Explanation for counter-intuitive discrete probability results

Question

Suppose there're two players $A$, $B$ playing a dice game, $A$ has a normal dice whose faces are numbered 1 to 6, $B$, on the other hand, has a (regular) icosahedron dice with faces numbered 1 to 20. Each round, $A$ rolls its dice 3 times and get the sum as his score, whereas $B$ rolls only once and get the result as his score, and the one with the greater score wins and gets 1 point. If scores are equal, then they both get 0.5 points. Is this a fair game?

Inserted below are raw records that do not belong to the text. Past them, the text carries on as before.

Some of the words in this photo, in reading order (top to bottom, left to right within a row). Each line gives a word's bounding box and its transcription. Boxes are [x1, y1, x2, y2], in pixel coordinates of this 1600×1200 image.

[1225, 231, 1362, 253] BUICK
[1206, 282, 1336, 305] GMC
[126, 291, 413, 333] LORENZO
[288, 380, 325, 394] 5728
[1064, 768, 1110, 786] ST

A quick calculation shows that the expected scores for both players are 3.5, so it looks like it's perfectly fair. But to my surprise, when I was doing a Monte Carlo in Python, the programmed told me, out of 10^5 simulations, $A$ has only around 48.x% of the total 10^5 points, and such a 1.x% disadvantage was consistent across several tests.

Now move on to a more complicated version. This time let's introduce a new player $C$, who plays by exactly the same rule as $B$ does. Again, each round the player with the highest score wins; if two player has equal scores that are higher than the third player's, then they both get 1/2 points; and if all three have equal scores then they all get 1/3 points. Is this a fair game?

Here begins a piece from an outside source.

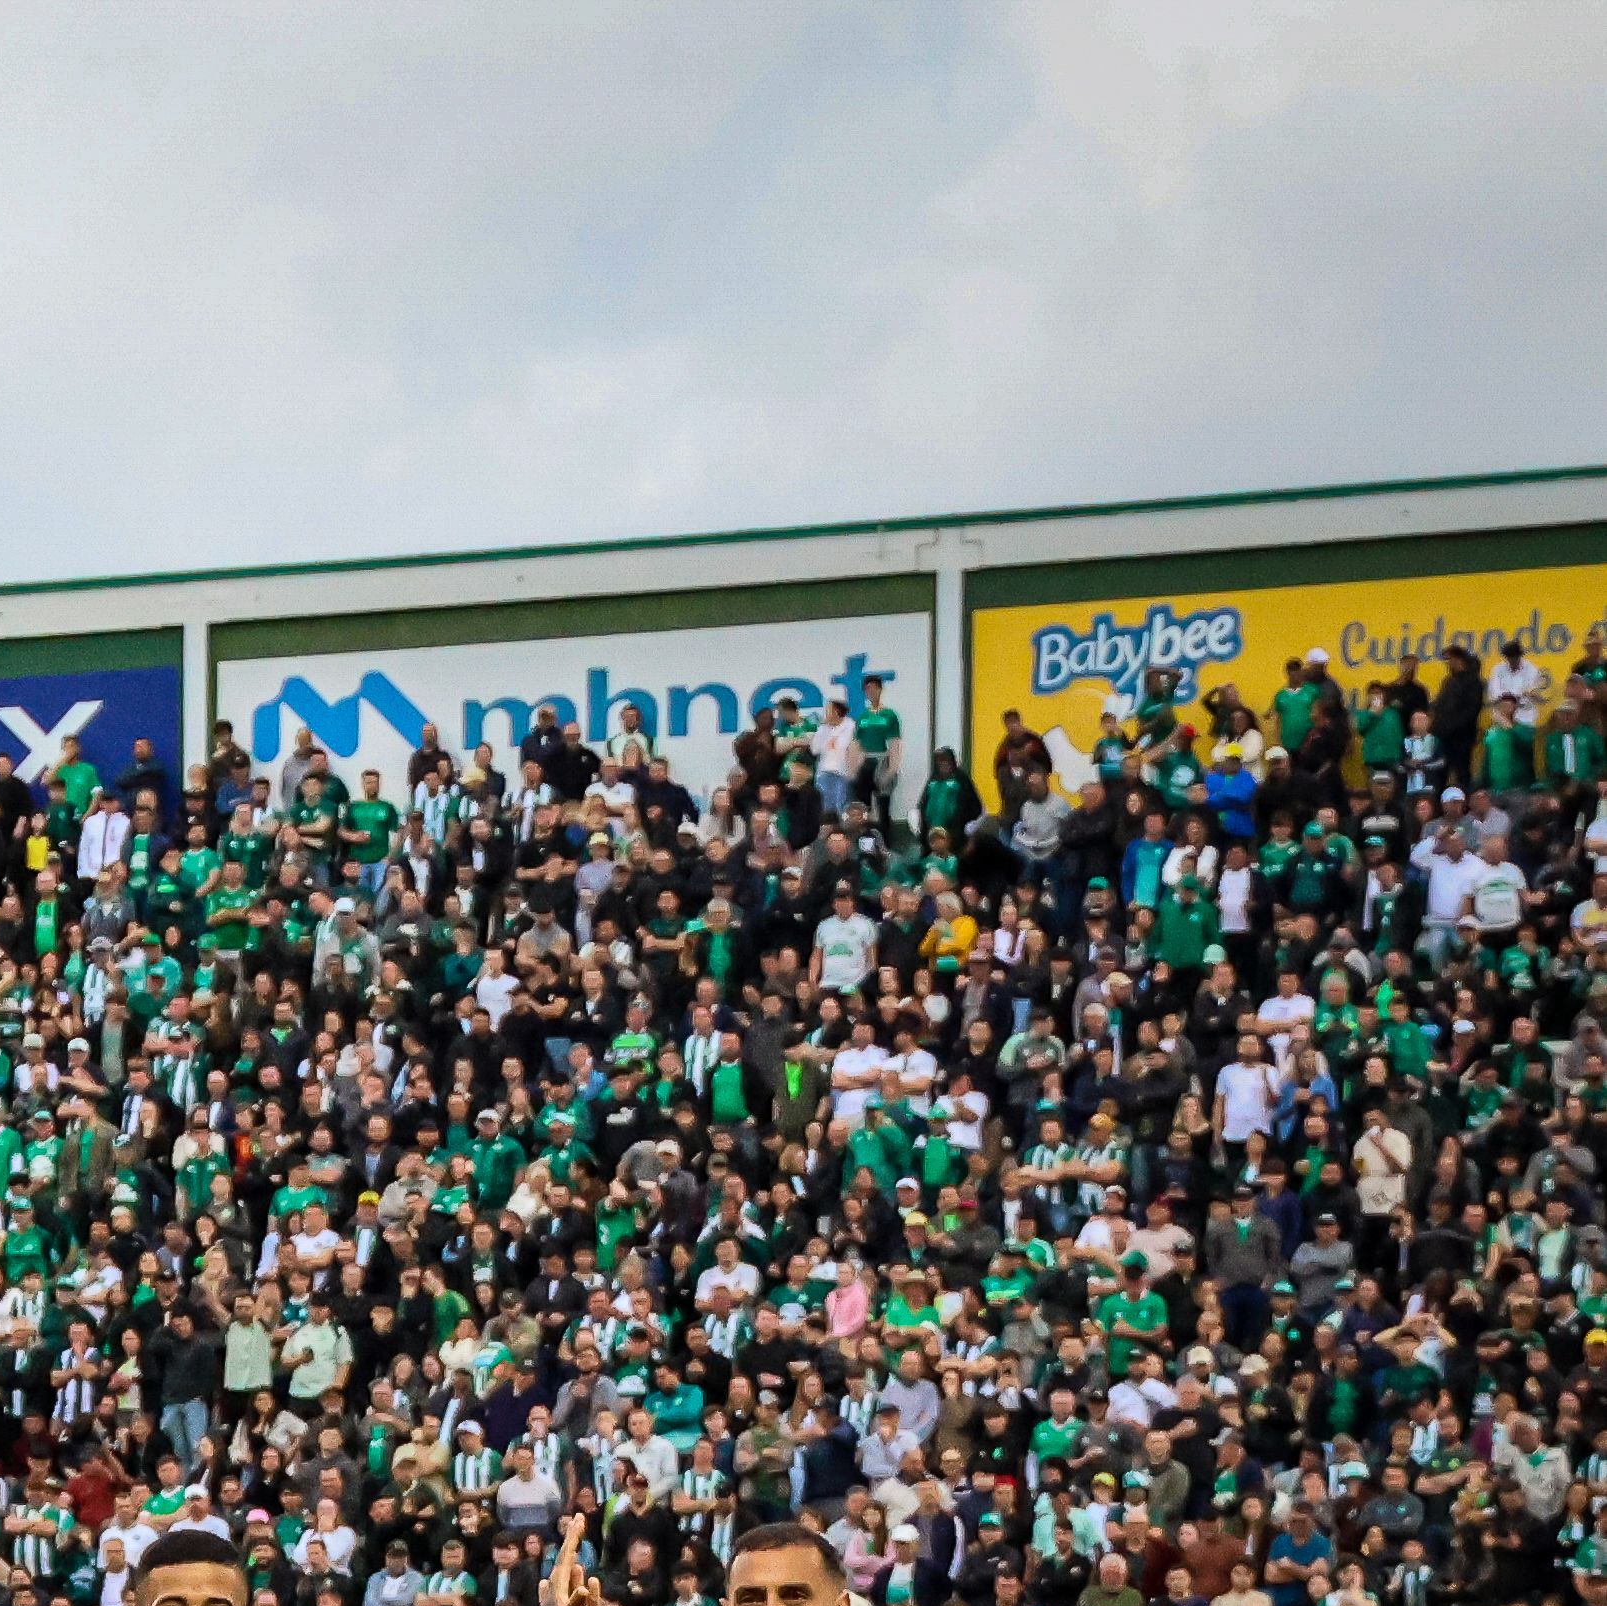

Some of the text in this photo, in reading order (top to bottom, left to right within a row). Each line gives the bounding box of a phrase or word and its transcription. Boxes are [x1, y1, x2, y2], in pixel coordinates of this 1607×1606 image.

I thought with a firm "yes" for the same reasons as previously. But the simulation results totally astounded me, much more than the previous 1.x% discrepancy: now in the 3 player game, out of 10^5 simulations, the player $A$ only gets about 27.x% of the points, whereas $B$ and $C$ both get about 36.x% - $A$ has an almost 9% disadvantage!

I know to get everything clear it's best to explicitly compute the probability distribution case by case, and admittedly it's not hard in any technical sense. But, before doing that, is there any easy explanation about the discrepancies between intuition and reality as shown above? Thanks!

Attached below is the code:

import random
import numpy as np
import pandas as pd

def get_A_score():
    return sum(random.randint(1, 6) for i in range(3))


def get_B_score():
    return random.randint(1, 20)


if __name__ == '__main__':
    n_sim = 100000
    A_wins = 0.0
    for i in range(n_sim):
        if get_A_score() > get_B_score():
            A_wins += 1
        elif get_A_score() == get_B_score():
            A_wins += 1/2   # in case of equal numbers
    print(A_wins / n_sim)

    print()

    wins = np.array([0.0, 0.0, 0.0])
    for i in range(n_sim):
        A_score = get_A_score()
        B_score = get_B_score()
        C_score = get_B_score()
        scores = np.array([A_score, B_score, C_score])
        winner_index = np.argwhere(scores == np.amax(scores))
        n_winners = len(winner_index)
        wins[winner_index] += 1 / n_winners

    print(wins / n_sim)

Answer 1

In the second case. If A and B both roll above the mean, then B tends to win. If they both roll below the mean, then A tends to win.
So for three players, A needs both B and C to roll below the mean, or one chance in 4.

Answer 2

The first game is fair by a symmetry argument: there is an involution on the set of possible outcomes that replaces the result $i$ of each ordinary die by $7-i$, and the outcome $k$ of the icosahedral die by $21-k$, and under this involution the gains of the players are interchanged; therefore there expected gains are equal.

However for the three-player game no such symmetry applies, and in fact it is not fair. If every one of the $20\times20\times 6^3 = 86400$ outcomes should come up exactly once (that it one outcome for every second in a day), the gains would be $31446$ for each of the icosahedral players, but only $23508$ for the three-dice fellow. While among each pair of players either has equal change of beating the other, the ones with flatter distributions of their outcome have a markedly better chance of beating both other players at once.